Unrolling string copy loops

Thu Apr 4 23:43:29 AEST 1985

>>>>
Having noticed a discussion of the benefit of loop unrolling on
string copy (and other functions),  I thought I'd share a similar
experience here as it gave us BIG gains.

The Sperry 1100 mainframe, on which a version of the UNIXtm system
has been running since 1979, is a WORD ADDRESSABLE machine (and the
words are 36 bit 1's complement).  Needless to say, implementing a
C compiler is somewhat interesting, especially in the area of char
pointer dereferencing.  At run time, the 20 bit psuedo-byte pointer
is split into its word and "byte" components, and then the proper
partial word is loaded from memory.  This multi-instruction sequence
is much more expensive than on your usual machine.
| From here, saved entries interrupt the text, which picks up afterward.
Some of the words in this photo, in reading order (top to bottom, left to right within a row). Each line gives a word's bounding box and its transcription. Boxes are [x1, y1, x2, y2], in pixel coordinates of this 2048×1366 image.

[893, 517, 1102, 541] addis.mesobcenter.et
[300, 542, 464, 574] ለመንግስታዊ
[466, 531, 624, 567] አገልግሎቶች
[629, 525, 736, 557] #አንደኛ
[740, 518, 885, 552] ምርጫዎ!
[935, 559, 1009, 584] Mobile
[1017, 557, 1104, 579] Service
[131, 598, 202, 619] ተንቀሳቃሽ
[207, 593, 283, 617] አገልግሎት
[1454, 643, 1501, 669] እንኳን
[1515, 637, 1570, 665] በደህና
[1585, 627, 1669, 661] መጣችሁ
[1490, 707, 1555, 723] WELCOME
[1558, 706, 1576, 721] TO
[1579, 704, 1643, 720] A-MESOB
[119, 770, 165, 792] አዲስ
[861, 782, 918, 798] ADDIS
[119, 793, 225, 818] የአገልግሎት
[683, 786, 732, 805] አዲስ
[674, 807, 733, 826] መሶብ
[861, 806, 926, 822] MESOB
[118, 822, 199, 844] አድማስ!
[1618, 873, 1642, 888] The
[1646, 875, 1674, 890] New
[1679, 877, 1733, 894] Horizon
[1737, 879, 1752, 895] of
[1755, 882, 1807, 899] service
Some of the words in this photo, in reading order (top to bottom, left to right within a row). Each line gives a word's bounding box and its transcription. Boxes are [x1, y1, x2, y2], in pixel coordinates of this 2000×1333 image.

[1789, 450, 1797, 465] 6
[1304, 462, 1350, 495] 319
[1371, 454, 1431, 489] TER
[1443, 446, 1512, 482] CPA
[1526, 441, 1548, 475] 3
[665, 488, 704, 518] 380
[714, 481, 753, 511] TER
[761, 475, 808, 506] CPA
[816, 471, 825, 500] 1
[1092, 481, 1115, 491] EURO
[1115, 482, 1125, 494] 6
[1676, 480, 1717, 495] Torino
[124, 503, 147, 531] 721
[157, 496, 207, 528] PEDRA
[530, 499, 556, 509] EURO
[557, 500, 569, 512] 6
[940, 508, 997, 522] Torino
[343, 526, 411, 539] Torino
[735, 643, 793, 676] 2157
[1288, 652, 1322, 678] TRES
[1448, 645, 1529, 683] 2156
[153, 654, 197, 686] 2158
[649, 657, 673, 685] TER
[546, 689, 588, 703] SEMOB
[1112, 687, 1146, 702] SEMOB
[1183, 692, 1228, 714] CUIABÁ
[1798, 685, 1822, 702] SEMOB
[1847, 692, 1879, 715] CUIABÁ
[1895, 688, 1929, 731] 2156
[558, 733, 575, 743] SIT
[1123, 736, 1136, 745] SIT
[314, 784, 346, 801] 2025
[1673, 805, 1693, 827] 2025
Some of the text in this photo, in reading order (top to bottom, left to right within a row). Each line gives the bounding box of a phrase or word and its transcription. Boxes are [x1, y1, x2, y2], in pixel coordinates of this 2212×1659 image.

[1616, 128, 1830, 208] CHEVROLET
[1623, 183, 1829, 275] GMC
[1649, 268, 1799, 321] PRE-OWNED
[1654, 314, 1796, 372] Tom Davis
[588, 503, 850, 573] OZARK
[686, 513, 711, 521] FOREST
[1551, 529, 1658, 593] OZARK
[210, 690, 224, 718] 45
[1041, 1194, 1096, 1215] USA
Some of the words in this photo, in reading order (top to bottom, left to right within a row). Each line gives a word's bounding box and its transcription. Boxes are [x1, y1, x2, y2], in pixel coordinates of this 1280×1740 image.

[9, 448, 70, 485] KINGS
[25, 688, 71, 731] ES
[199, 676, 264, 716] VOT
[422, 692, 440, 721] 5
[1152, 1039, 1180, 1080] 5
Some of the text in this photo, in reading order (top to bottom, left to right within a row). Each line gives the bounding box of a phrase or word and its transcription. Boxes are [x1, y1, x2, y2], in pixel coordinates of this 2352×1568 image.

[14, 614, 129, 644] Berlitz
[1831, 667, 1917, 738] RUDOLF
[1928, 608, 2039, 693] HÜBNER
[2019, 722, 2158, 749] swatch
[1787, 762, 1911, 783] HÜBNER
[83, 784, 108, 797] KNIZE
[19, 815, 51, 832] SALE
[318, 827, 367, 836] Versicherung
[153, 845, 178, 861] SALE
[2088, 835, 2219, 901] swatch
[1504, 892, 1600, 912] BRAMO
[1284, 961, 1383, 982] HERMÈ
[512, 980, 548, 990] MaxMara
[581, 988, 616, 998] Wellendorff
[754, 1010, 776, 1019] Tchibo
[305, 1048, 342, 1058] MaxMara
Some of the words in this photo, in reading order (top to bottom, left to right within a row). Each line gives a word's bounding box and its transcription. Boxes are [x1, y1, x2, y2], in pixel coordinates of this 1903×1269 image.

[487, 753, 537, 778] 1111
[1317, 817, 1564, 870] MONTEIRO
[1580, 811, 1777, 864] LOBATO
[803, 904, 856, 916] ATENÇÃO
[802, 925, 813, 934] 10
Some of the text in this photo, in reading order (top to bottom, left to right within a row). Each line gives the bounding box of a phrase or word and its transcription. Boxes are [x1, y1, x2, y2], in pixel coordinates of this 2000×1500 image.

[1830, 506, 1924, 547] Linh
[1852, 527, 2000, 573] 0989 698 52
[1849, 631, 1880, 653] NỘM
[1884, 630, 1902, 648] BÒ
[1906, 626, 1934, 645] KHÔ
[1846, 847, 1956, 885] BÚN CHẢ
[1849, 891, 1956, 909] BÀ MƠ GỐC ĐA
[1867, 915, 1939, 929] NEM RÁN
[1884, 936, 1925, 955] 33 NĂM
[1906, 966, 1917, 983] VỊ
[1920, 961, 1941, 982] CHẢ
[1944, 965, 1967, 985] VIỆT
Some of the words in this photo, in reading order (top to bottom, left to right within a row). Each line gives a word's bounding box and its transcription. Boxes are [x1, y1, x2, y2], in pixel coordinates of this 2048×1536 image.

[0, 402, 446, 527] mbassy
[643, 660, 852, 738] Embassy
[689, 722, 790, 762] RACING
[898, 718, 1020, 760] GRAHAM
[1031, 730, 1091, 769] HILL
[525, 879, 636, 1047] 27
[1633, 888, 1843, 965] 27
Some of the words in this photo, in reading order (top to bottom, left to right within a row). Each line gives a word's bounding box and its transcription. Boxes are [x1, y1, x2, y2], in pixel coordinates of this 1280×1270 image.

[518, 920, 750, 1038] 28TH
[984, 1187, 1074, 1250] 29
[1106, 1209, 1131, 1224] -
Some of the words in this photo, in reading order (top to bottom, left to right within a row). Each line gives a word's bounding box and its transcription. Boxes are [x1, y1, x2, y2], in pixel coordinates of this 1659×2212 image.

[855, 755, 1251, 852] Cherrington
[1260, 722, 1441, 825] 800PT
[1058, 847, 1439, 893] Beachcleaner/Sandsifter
Enter loop unrolling.  Our large project (>1Mil lines C code) was
profiled and found to use lots of time in the str*() functions.
Noticing that the str* functions are sequentially processing their
arguments (char 0, then 1, ..., then n), you can determine the starting
partial word (1st 9 bits, 2nd, 3rd, or 4th) once and then predict
what the next 9 bits you need are going to be (2nd, 3rd, 4th, or
1st from next word).  For strcpy, you create a 4 by 4 table of
entry points and away you go.

Moral of the story - this technique cut the cpu cost of the str*()
functions by 90% (they were already quite expensive), never to be
seen again on our cpu profiles.  Loop unrolling will work on other
normal machines also since you process *cp, *(cp+1), *(cp+2),
etc. at the cost of a few extra words of memory (because you're
duplicating the load/store sequence with different offsets from your
original cp pointer which you put in a register beforehand).